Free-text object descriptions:
══════════
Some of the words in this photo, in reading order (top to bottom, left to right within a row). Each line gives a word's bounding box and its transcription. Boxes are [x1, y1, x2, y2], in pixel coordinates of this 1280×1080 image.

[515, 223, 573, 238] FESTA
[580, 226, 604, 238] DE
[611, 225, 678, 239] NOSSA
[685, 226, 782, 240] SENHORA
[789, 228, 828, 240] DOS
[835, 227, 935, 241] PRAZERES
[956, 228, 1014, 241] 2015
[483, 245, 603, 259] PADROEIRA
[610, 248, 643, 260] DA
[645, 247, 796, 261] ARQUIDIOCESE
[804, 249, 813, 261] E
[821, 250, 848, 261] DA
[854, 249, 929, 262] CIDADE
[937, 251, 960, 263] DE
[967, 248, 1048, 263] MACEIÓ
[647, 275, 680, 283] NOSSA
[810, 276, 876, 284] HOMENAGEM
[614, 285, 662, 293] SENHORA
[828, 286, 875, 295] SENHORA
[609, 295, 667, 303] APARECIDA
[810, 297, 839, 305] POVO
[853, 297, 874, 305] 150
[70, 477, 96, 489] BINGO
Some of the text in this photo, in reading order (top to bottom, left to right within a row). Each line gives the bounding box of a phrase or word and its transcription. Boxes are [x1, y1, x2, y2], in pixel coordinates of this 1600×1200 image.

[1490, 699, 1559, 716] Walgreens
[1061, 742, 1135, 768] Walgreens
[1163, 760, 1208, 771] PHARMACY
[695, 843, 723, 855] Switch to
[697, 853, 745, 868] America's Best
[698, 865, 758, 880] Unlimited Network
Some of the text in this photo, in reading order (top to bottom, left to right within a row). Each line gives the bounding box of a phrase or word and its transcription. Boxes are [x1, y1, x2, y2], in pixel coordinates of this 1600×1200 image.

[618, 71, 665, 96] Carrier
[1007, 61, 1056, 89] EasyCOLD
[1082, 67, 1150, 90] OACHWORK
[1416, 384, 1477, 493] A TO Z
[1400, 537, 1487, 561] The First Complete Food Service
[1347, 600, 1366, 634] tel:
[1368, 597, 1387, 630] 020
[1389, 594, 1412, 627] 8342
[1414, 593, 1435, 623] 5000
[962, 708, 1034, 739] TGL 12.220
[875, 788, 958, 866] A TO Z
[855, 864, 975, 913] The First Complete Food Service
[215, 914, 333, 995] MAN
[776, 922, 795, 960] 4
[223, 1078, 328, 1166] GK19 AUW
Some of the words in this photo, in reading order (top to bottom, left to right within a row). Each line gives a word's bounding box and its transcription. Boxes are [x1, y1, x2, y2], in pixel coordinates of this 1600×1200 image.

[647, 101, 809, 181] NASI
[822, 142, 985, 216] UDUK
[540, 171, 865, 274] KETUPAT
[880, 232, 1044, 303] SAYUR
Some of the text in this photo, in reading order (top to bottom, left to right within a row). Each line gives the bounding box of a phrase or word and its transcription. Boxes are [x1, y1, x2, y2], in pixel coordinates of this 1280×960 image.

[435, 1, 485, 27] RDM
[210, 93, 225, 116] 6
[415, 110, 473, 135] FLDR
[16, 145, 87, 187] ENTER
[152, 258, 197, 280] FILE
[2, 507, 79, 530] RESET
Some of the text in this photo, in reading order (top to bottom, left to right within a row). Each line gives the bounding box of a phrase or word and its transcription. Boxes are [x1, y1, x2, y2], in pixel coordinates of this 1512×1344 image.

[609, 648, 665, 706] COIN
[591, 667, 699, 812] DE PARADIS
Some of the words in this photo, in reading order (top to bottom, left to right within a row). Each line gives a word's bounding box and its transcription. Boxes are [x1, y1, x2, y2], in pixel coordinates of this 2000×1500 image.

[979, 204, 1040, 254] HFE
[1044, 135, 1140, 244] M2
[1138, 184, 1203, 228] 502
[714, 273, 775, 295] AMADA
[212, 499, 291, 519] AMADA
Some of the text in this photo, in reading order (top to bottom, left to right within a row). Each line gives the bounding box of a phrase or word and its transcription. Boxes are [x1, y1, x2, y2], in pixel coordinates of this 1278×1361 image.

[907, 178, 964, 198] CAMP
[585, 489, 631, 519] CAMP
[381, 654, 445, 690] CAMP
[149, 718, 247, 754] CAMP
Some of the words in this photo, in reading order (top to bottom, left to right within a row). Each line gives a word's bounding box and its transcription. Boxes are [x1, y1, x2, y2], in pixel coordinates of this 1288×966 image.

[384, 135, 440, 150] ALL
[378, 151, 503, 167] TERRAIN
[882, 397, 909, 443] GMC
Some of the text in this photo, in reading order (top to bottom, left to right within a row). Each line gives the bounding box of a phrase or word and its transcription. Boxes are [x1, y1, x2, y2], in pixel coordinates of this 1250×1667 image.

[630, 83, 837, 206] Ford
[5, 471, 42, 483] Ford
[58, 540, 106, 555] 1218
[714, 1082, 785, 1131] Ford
══════════
## Task instructions
Repeat every record, keeping each line exactly as it is.

## Written response
Some of the words in this photo, in reading order (top to bottom, left to right within a row). Each line gives a word's bounding box and its transcription. Boxes are [x1, y1, x2, y2], in pixel coordinates of this 1280×1080 image.

[515, 223, 573, 238] FESTA
[580, 226, 604, 238] DE
[611, 225, 678, 239] NOSSA
[685, 226, 782, 240] SENHORA
[789, 228, 828, 240] DOS
[835, 227, 935, 241] PRAZERES
[956, 228, 1014, 241] 2015
[483, 245, 603, 259] PADROEIRA
[610, 248, 643, 260] DA
[645, 247, 796, 261] ARQUIDIOCESE
[804, 249, 813, 261] E
[821, 250, 848, 261] DA
[854, 249, 929, 262] CIDADE
[937, 251, 960, 263] DE
[967, 248, 1048, 263] MACEIÓ
[647, 275, 680, 283] NOSSA
[810, 276, 876, 284] HOMENAGEM
[614, 285, 662, 293] SENHORA
[828, 286, 875, 295] SENHORA
[609, 295, 667, 303] APARECIDA
[810, 297, 839, 305] POVO
[853, 297, 874, 305] 150
[70, 477, 96, 489] BINGO
Some of the text in this photo, in reading order (top to bottom, left to right within a row). Each line gives the bounding box of a phrase or word and its transcription. Boxes are [x1, y1, x2, y2], in pixel coordinates of this 1600×1200 image.

[1490, 699, 1559, 716] Walgreens
[1061, 742, 1135, 768] Walgreens
[1163, 760, 1208, 771] PHARMACY
[695, 843, 723, 855] Switch to
[697, 853, 745, 868] America's Best
[698, 865, 758, 880] Unlimited Network
Some of the text in this photo, in reading order (top to bottom, left to right within a row). Each line gives the bounding box of a phrase or word and its transcription. Boxes are [x1, y1, x2, y2], in pixel coordinates of this 1600×1200 image.

[618, 71, 665, 96] Carrier
[1007, 61, 1056, 89] EasyCOLD
[1082, 67, 1150, 90] OACHWORK
[1416, 384, 1477, 493] A TO Z
[1400, 537, 1487, 561] The First Complete Food Service
[1347, 600, 1366, 634] tel:
[1368, 597, 1387, 630] 020
[1389, 594, 1412, 627] 8342
[1414, 593, 1435, 623] 5000
[962, 708, 1034, 739] TGL 12.220
[875, 788, 958, 866] A TO Z
[855, 864, 975, 913] The First Complete Food Service
[215, 914, 333, 995] MAN
[776, 922, 795, 960] 4
[223, 1078, 328, 1166] GK19 AUW
Some of the words in this photo, in reading order (top to bottom, left to right within a row). Each line gives a word's bounding box and its transcription. Boxes are [x1, y1, x2, y2], in pixel coordinates of this 1600×1200 image.

[647, 101, 809, 181] NASI
[822, 142, 985, 216] UDUK
[540, 171, 865, 274] KETUPAT
[880, 232, 1044, 303] SAYUR
Some of the text in this photo, in reading order (top to bottom, left to right within a row). Each line gives the bounding box of a phrase or word and its transcription. Boxes are [x1, y1, x2, y2], in pixel coordinates of this 1280×960 image.

[435, 1, 485, 27] RDM
[210, 93, 225, 116] 6
[415, 110, 473, 135] FLDR
[16, 145, 87, 187] ENTER
[152, 258, 197, 280] FILE
[2, 507, 79, 530] RESET
Some of the text in this photo, in reading order (top to bottom, left to right within a row). Each line gives the bounding box of a phrase or word and its transcription. Boxes are [x1, y1, x2, y2], in pixel coordinates of this 1512×1344 image.

[609, 648, 665, 706] COIN
[591, 667, 699, 812] DE PARADIS
Some of the words in this photo, in reading order (top to bottom, left to right within a row). Each line gives a word's bounding box and its transcription. Boxes are [x1, y1, x2, y2], in pixel coordinates of this 2000×1500 image.

[979, 204, 1040, 254] HFE
[1044, 135, 1140, 244] M2
[1138, 184, 1203, 228] 502
[714, 273, 775, 295] AMADA
[212, 499, 291, 519] AMADA
Some of the text in this photo, in reading order (top to bottom, left to right within a row). Each line gives the bounding box of a phrase or word and its transcription. Boxes are [x1, y1, x2, y2], in pixel coordinates of this 1278×1361 image.

[907, 178, 964, 198] CAMP
[585, 489, 631, 519] CAMP
[381, 654, 445, 690] CAMP
[149, 718, 247, 754] CAMP
Some of the words in this photo, in reading order (top to bottom, left to right within a row). Each line gives a word's bounding box and its transcription. Boxes are [x1, y1, x2, y2], in pixel coordinates of this 1288×966 image.

[384, 135, 440, 150] ALL
[378, 151, 503, 167] TERRAIN
[882, 397, 909, 443] GMC
Some of the text in this photo, in reading order (top to bottom, left to right within a row). Each line gives the bounding box of a phrase or word and its transcription. Boxes are [x1, y1, x2, y2], in pixel coordinates of this 1250×1667 image.

[630, 83, 837, 206] Ford
[5, 471, 42, 483] Ford
[58, 540, 106, 555] 1218
[714, 1082, 785, 1131] Ford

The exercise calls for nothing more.